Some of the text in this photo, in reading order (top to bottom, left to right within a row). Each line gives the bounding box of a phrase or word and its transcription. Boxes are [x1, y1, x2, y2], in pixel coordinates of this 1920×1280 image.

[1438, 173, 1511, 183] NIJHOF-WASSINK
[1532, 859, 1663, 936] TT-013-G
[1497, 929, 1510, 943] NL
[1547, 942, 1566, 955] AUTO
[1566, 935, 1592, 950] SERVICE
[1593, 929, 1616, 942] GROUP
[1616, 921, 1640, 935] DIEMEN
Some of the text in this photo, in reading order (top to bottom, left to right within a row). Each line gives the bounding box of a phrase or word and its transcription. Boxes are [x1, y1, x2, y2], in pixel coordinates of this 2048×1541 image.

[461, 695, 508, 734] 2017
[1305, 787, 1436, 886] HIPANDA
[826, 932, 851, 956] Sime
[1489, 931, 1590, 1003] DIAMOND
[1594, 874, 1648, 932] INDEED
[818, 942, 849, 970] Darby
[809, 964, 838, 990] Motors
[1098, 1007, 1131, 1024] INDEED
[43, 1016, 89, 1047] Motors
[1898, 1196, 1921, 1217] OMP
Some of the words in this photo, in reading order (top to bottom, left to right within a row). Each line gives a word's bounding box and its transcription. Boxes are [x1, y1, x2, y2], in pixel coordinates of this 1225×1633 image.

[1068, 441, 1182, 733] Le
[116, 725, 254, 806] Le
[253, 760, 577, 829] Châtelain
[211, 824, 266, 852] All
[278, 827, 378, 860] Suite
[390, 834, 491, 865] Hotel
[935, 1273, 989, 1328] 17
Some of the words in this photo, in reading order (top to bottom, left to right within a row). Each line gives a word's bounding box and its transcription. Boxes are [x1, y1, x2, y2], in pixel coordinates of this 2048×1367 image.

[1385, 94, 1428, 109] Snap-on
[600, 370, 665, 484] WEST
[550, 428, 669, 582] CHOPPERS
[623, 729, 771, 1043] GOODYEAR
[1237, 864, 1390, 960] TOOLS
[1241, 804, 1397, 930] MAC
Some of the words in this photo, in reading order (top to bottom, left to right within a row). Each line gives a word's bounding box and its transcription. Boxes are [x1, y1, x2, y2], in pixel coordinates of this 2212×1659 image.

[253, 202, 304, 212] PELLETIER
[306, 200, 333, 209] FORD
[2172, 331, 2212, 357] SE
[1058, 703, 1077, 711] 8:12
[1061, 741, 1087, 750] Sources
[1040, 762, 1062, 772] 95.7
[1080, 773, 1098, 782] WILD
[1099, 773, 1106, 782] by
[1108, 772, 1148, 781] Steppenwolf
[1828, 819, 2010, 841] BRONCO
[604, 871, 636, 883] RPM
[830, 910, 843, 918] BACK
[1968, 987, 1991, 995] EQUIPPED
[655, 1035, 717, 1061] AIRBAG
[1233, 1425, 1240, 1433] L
• • • • • • •
The answer must be the lines from the one containing "this 2212×1659 image." through the last line of the records, copied exactly, with nothing else.

Some of the words in this photo, in reading order (top to bottom, left to right within a row). Each line gives a word's bounding box and its transcription. Boxes are [x1, y1, x2, y2], in pixel coordinates of this 2212×1659 image.

[253, 202, 304, 212] PELLETIER
[306, 200, 333, 209] FORD
[2172, 331, 2212, 357] SE
[1058, 703, 1077, 711] 8:12
[1061, 741, 1087, 750] Sources
[1040, 762, 1062, 772] 95.7
[1080, 773, 1098, 782] WILD
[1099, 773, 1106, 782] by
[1108, 772, 1148, 781] Steppenwolf
[1828, 819, 2010, 841] BRONCO
[604, 871, 636, 883] RPM
[830, 910, 843, 918] BACK
[1968, 987, 1991, 995] EQUIPPED
[655, 1035, 717, 1061] AIRBAG
[1233, 1425, 1240, 1433] L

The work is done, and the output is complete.